** DATA RECORDS follows **

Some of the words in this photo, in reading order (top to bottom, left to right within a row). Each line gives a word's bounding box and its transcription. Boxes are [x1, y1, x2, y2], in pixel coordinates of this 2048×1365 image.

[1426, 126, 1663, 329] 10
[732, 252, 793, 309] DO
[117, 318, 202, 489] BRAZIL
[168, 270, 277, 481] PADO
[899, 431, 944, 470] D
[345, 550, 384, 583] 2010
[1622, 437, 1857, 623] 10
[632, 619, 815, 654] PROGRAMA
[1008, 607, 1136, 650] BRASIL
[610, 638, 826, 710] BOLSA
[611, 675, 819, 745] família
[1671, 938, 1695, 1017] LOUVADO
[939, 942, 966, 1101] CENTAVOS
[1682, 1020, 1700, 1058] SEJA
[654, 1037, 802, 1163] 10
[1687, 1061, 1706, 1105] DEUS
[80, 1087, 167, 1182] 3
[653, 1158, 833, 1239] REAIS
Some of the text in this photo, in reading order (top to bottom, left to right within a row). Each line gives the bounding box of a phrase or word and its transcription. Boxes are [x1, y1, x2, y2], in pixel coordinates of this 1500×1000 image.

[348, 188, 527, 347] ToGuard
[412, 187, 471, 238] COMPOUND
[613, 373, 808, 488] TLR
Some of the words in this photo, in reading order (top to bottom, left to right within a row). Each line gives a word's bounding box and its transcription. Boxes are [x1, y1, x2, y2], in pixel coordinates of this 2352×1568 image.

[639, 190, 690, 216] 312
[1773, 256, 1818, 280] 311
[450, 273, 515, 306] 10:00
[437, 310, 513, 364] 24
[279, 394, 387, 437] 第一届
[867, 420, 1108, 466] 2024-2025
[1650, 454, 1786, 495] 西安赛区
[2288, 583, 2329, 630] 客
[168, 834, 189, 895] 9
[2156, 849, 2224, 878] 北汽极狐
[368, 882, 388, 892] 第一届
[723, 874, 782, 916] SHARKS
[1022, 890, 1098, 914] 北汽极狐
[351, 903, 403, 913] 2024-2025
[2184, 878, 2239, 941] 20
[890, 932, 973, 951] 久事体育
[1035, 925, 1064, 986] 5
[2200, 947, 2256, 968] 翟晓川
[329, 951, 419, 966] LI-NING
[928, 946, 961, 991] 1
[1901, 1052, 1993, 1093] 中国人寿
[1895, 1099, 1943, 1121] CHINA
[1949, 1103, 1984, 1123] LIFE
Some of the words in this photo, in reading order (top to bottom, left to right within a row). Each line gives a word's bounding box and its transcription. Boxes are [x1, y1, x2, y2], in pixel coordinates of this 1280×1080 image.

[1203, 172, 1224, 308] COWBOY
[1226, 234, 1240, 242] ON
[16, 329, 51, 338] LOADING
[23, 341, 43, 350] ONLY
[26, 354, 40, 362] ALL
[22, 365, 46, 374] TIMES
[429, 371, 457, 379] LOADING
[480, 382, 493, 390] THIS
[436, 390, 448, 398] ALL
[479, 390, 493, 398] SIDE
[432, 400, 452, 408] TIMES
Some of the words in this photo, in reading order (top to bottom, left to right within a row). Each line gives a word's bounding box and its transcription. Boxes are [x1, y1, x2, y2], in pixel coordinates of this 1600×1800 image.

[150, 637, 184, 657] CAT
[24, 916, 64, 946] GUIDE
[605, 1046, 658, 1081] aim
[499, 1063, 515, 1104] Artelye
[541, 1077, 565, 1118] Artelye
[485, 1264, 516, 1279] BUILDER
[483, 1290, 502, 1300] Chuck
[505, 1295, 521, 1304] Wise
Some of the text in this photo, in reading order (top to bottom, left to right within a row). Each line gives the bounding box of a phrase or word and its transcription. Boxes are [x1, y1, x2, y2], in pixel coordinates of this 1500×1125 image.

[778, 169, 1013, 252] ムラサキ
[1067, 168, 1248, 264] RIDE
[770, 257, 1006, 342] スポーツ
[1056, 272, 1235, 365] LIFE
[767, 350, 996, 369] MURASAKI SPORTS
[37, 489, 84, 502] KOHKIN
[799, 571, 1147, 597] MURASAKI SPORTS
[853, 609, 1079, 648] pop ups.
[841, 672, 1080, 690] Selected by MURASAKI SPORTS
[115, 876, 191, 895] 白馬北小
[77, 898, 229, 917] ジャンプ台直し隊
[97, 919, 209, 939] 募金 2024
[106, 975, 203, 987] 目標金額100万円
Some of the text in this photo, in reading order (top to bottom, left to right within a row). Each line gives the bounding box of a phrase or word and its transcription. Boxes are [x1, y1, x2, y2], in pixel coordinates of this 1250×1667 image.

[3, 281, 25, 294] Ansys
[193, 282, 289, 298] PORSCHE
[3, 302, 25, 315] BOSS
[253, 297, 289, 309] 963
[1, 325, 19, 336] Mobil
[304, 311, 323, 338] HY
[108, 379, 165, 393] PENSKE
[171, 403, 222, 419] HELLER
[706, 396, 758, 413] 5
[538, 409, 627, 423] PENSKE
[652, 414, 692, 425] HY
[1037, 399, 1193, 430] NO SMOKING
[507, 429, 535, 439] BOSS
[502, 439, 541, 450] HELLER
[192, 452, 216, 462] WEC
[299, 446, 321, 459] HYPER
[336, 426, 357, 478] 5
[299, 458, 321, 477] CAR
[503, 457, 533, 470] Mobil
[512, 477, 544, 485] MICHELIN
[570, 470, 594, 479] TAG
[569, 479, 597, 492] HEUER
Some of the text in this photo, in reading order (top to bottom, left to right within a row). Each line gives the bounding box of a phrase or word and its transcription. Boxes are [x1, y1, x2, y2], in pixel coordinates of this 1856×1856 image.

** End of DATA RECORDS **

_TASK TO COMPLETE_:
Line by line, reproduce the data exactly as given.

_ANSWER AREA_:
Some of the words in this photo, in reading order (top to bottom, left to right within a row). Each line gives a word's bounding box and its transcription. Boxes are [x1, y1, x2, y2], in pixel coordinates of this 2048×1365 image.

[1426, 126, 1663, 329] 10
[732, 252, 793, 309] DO
[117, 318, 202, 489] BRAZIL
[168, 270, 277, 481] PADO
[899, 431, 944, 470] D
[345, 550, 384, 583] 2010
[1622, 437, 1857, 623] 10
[632, 619, 815, 654] PROGRAMA
[1008, 607, 1136, 650] BRASIL
[610, 638, 826, 710] BOLSA
[611, 675, 819, 745] família
[1671, 938, 1695, 1017] LOUVADO
[939, 942, 966, 1101] CENTAVOS
[1682, 1020, 1700, 1058] SEJA
[654, 1037, 802, 1163] 10
[1687, 1061, 1706, 1105] DEUS
[80, 1087, 167, 1182] 3
[653, 1158, 833, 1239] REAIS
Some of the text in this photo, in reading order (top to bottom, left to right within a row). Each line gives the bounding box of a phrase or word and its transcription. Boxes are [x1, y1, x2, y2], in pixel coordinates of this 1500×1000 image.

[348, 188, 527, 347] ToGuard
[412, 187, 471, 238] COMPOUND
[613, 373, 808, 488] TLR
Some of the words in this photo, in reading order (top to bottom, left to right within a row). Each line gives a word's bounding box and its transcription. Boxes are [x1, y1, x2, y2], in pixel coordinates of this 2352×1568 image.

[639, 190, 690, 216] 312
[1773, 256, 1818, 280] 311
[450, 273, 515, 306] 10:00
[437, 310, 513, 364] 24
[279, 394, 387, 437] 第一届
[867, 420, 1108, 466] 2024-2025
[1650, 454, 1786, 495] 西安赛区
[2288, 583, 2329, 630] 客
[168, 834, 189, 895] 9
[2156, 849, 2224, 878] 北汽极狐
[368, 882, 388, 892] 第一届
[723, 874, 782, 916] SHARKS
[1022, 890, 1098, 914] 北汽极狐
[351, 903, 403, 913] 2024-2025
[2184, 878, 2239, 941] 20
[890, 932, 973, 951] 久事体育
[1035, 925, 1064, 986] 5
[2200, 947, 2256, 968] 翟晓川
[329, 951, 419, 966] LI-NING
[928, 946, 961, 991] 1
[1901, 1052, 1993, 1093] 中国人寿
[1895, 1099, 1943, 1121] CHINA
[1949, 1103, 1984, 1123] LIFE
Some of the words in this photo, in reading order (top to bottom, left to right within a row). Each line gives a word's bounding box and its transcription. Boxes are [x1, y1, x2, y2], in pixel coordinates of this 1280×1080 image.

[1203, 172, 1224, 308] COWBOY
[1226, 234, 1240, 242] ON
[16, 329, 51, 338] LOADING
[23, 341, 43, 350] ONLY
[26, 354, 40, 362] ALL
[22, 365, 46, 374] TIMES
[429, 371, 457, 379] LOADING
[480, 382, 493, 390] THIS
[436, 390, 448, 398] ALL
[479, 390, 493, 398] SIDE
[432, 400, 452, 408] TIMES
Some of the words in this photo, in reading order (top to bottom, left to right within a row). Each line gives a word's bounding box and its transcription. Boxes are [x1, y1, x2, y2], in pixel coordinates of this 1600×1800 image.

[150, 637, 184, 657] CAT
[24, 916, 64, 946] GUIDE
[605, 1046, 658, 1081] aim
[499, 1063, 515, 1104] Artelye
[541, 1077, 565, 1118] Artelye
[485, 1264, 516, 1279] BUILDER
[483, 1290, 502, 1300] Chuck
[505, 1295, 521, 1304] Wise
Some of the text in this photo, in reading order (top to bottom, left to right within a row). Each line gives the bounding box of a phrase or word and its transcription. Boxes are [x1, y1, x2, y2], in pixel coordinates of this 1500×1125 image.

[778, 169, 1013, 252] ムラサキ
[1067, 168, 1248, 264] RIDE
[770, 257, 1006, 342] スポーツ
[1056, 272, 1235, 365] LIFE
[767, 350, 996, 369] MURASAKI SPORTS
[37, 489, 84, 502] KOHKIN
[799, 571, 1147, 597] MURASAKI SPORTS
[853, 609, 1079, 648] pop ups.
[841, 672, 1080, 690] Selected by MURASAKI SPORTS
[115, 876, 191, 895] 白馬北小
[77, 898, 229, 917] ジャンプ台直し隊
[97, 919, 209, 939] 募金 2024
[106, 975, 203, 987] 目標金額100万円
Some of the text in this photo, in reading order (top to bottom, left to right within a row). Each line gives the bounding box of a phrase or word and its transcription. Boxes are [x1, y1, x2, y2], in pixel coordinates of this 1250×1667 image.

[3, 281, 25, 294] Ansys
[193, 282, 289, 298] PORSCHE
[3, 302, 25, 315] BOSS
[253, 297, 289, 309] 963
[1, 325, 19, 336] Mobil
[304, 311, 323, 338] HY
[108, 379, 165, 393] PENSKE
[171, 403, 222, 419] HELLER
[706, 396, 758, 413] 5
[538, 409, 627, 423] PENSKE
[652, 414, 692, 425] HY
[1037, 399, 1193, 430] NO SMOKING
[507, 429, 535, 439] BOSS
[502, 439, 541, 450] HELLER
[192, 452, 216, 462] WEC
[299, 446, 321, 459] HYPER
[336, 426, 357, 478] 5
[299, 458, 321, 477] CAR
[503, 457, 533, 470] Mobil
[512, 477, 544, 485] MICHELIN
[570, 470, 594, 479] TAG
[569, 479, 597, 492] HEUER
Some of the text in this photo, in reading order (top to bottom, left to right within a row). Each line gives the bounding box of a phrase or word and its transcription. Boxes are [x1, y1, x2, y2], in pixel coordinates of this 1856×1856 image.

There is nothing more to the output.